§ WHAT THIS TASK INVOLVES
Starting at the first entry below, repeat all the data word for word and drop the pictures.

Records contained in a dataset
--------------------------------
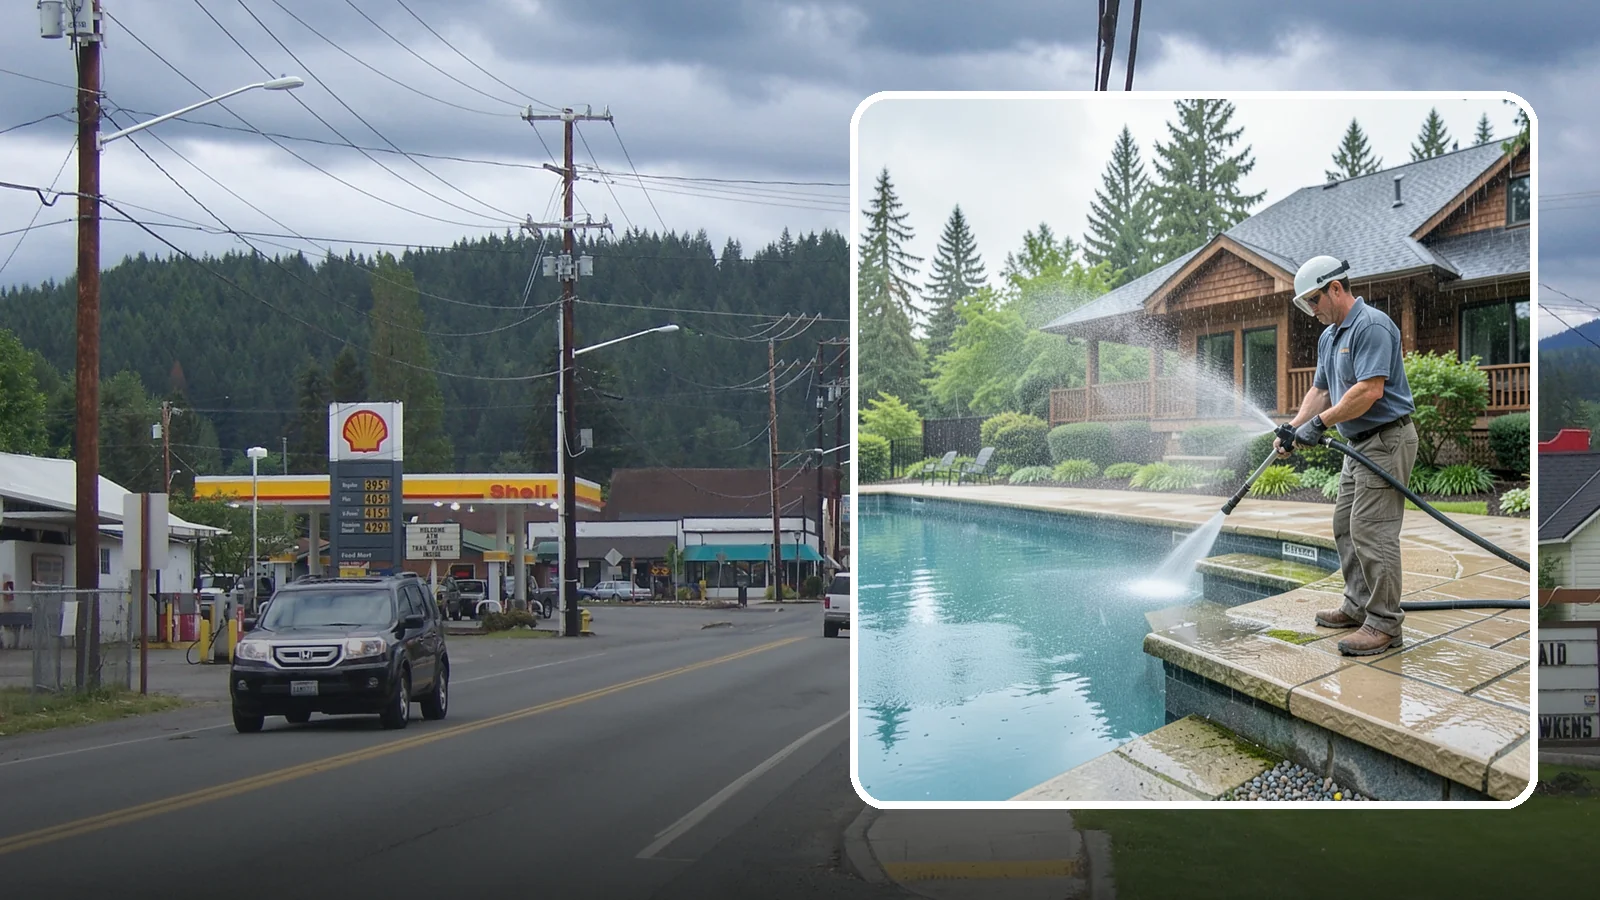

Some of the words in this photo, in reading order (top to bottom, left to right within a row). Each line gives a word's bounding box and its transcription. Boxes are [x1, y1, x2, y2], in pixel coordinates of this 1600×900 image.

[366, 480, 384, 490] 395
[490, 484, 547, 499] Shell
[366, 494, 384, 504] 405
[366, 508, 384, 518] 415
[366, 522, 384, 532] 429
--------------------------------
§ RESPONSE AREA
Some of the words in this photo, in reading order (top to bottom, left to right within a row). Each line gives a word's bounding box and its transcription. Boxes are [x1, y1, x2, y2], in pixel coordinates of this 1600×900 image.

[366, 480, 384, 490] 395
[490, 484, 547, 499] Shell
[366, 494, 384, 504] 405
[366, 508, 384, 518] 415
[366, 522, 384, 532] 429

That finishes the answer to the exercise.